Lumpen by Jennifer Riddalls

Lumpen

Jennifer Riddalls

 

Every day Elke and I started tying strips of rags, lumpen, to the barbed wire. The coiled grey tangle reminded me of the thorn forest outside sleeping beauty’s castle. I kept look out while Elke’s slim fingers quickly tied the cloth around the barbs, softening the sharp edges. Tying these scraps of protest against this divide, this open sore that cut our country in two, was all we had. Our Papa was on the other side, the side of plenty, and we had heard nothing. He could have written to us, but he didn’t. Either he was dead, or he had forgotten us and we wanted him to be. We didn’t talk about him, as if he had died the day the wire went up, and I stopped waiting for word the day I realised the tanks in the streets seemed normal.

We started with our lumpen after we watched, helpless, appalled and mesmerised, as border guards gunned down a young man sprinting through the no-man’s land towards the coil on the other side. This middle bit became known as the death strip and, of course, belonged to us in the east. After that, Elke fidgeted constantly. She twisted her bone-coloured hair in coils round her hands and sometimes the rope of it went round her neck, wrapped round twice.

One evening, sitting side by side and ripping up Papa’s curtains, Elke said, ‘Eventually, we’ll cover every barb. We’ll try, until they take it away again…’ she paused, biting her bottom lip while ripping a particularly stubborn piece of lining from the light blue fabric. She looked up at me, her eyes wet. ‘Or we are rescued from captivity,’ she added, shrugging.

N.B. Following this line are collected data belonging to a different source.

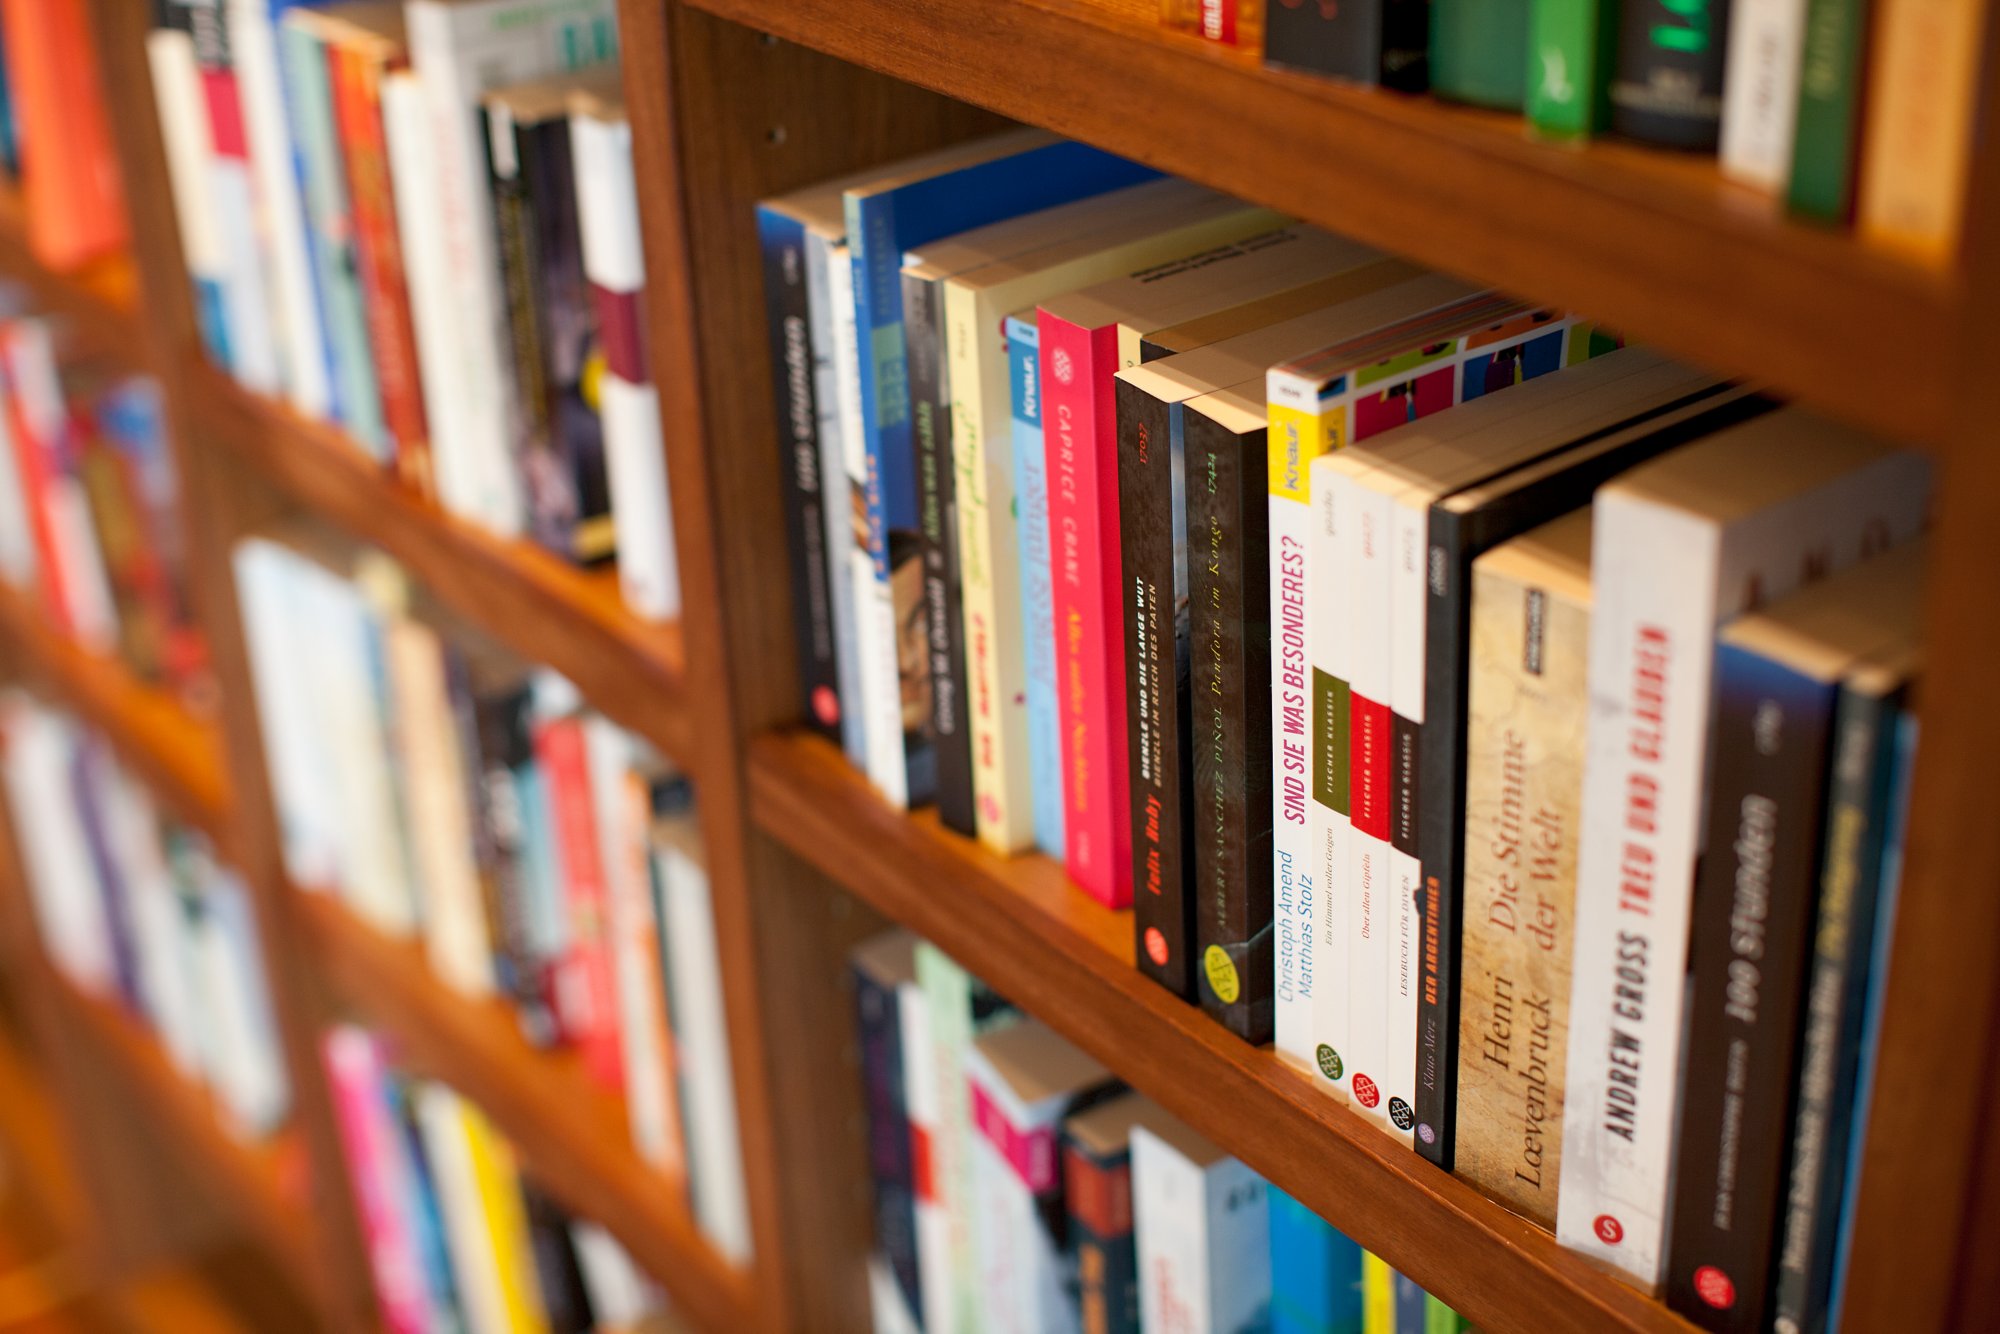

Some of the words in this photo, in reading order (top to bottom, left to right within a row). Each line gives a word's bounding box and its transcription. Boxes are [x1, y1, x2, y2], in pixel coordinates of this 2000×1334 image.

[1057, 404, 1076, 505] CAPRICE
[1138, 422, 1149, 465] 17037
[1207, 452, 1218, 495] 17424
[1061, 516, 1080, 588] CRANE
[1208, 516, 1222, 577] Kongo
[1136, 576, 1144, 608] WUT
[1149, 584, 1157, 630] PATEN
[1209, 588, 1220, 609] im
[1280, 535, 1304, 690] BESONDERES?
[1137, 611, 1147, 659] LANGE
[1149, 635, 1158, 661] DES
[1209, 620, 1222, 696] Pandora
[1139, 661, 1147, 686] DIE
[1150, 664, 1160, 706] REICH
[1628, 623, 1670, 764] GLAUBEN
[1139, 688, 1148, 718] UND
[1152, 709, 1161, 727] IM
[1282, 691, 1305, 736] WAS
[1327, 691, 1335, 739] KLASSIK
[1140, 720, 1151, 780] BIENZLE
[1153, 729, 1163, 788] BIENZLE
[1212, 706, 1223, 763] PIÑOL
[1283, 739, 1305, 775] SIE
[1364, 714, 1373, 764] KLASSIK
[1402, 734, 1412, 784] KLASSIK
[1144, 793, 1163, 843] Huby
[1284, 776, 1306, 825] SIND
[1364, 769, 1372, 818] FISCHER
[1401, 788, 1411, 839] FISCHER
[1491, 729, 1525, 868] Stimme
[1624, 772, 1660, 836] UND
[1326, 827, 1335, 860] Geigen
[1530, 805, 1563, 882] Welt
[1147, 847, 1163, 896] Felix
[1277, 849, 1293, 916] Amend
[1325, 861, 1333, 887] voller
[1363, 853, 1373, 889] Gipfeln
[1401, 874, 1410, 912] DIVEN
[1618, 840, 1656, 917] TREU
[1215, 866, 1227, 928] ALBERT
[1297, 874, 1312, 919] Stolz
[1325, 887, 1333, 928] Himmel
[1488, 873, 1520, 935] Die
[1325, 929, 1333, 946] Ein
[1361, 915, 1371, 940] Über
[1426, 876, 1441, 974] ARGENTINIER
[1526, 893, 1557, 952] der
[1277, 917, 1297, 1003] Christoph
[1297, 921, 1312, 999] Matthias
[1400, 937, 1409, 997] LESEBUCH
[1611, 929, 1649, 1022] GROSS
[1425, 975, 1438, 1006] DER
[1424, 1016, 1436, 1053] Merz
[1483, 971, 1514, 1072] Henri
[1423, 1054, 1435, 1091] Klaus
[1604, 1028, 1642, 1143] ANDREW

From our kitchen window we could just make out the fabric pieces on the barrier. They fluttered in the breeze, tugging at the wire, as if they were wings trying to fly free. Our little flags of resistance called to others and rag covered barbs, that weren’t our doing, started appearing further down the street. Four months after the separation, in bitter mid-December, we woke to find they were finally removing the barbed wire. All our lumpen went with it. We’d hoped for this day but it wasn’t what we imagined. Elke stamped her feet against the cold and noosed her hair as we watched a solid wall being created from paving slabs taken from the death strip. It felt like the ground itself was rising up against us.

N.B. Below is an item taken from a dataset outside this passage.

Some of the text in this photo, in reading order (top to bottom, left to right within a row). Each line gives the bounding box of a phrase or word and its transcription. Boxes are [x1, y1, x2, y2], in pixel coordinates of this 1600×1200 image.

As if they could hear us breaking, our old neighbours, now unable to reach us on the west side, put up their own protest at our captivity. Hundreds of Christmas trees, standing tall up above the wall, were lit up at dusk, all along the west side of the border, close to their wire. We could see the lights from our kitchen window, shining in the distance.

Elke was finally sitting still. I stared at the lights reflected in her eyes. We were not forgotten.

 

About the author: Jennifer Riddalls is  a writer, reader, and mother of boys. Flash fiction comp winner, short story writer, novel abandoner. Always trying to improve. Scot in England. Likes small things.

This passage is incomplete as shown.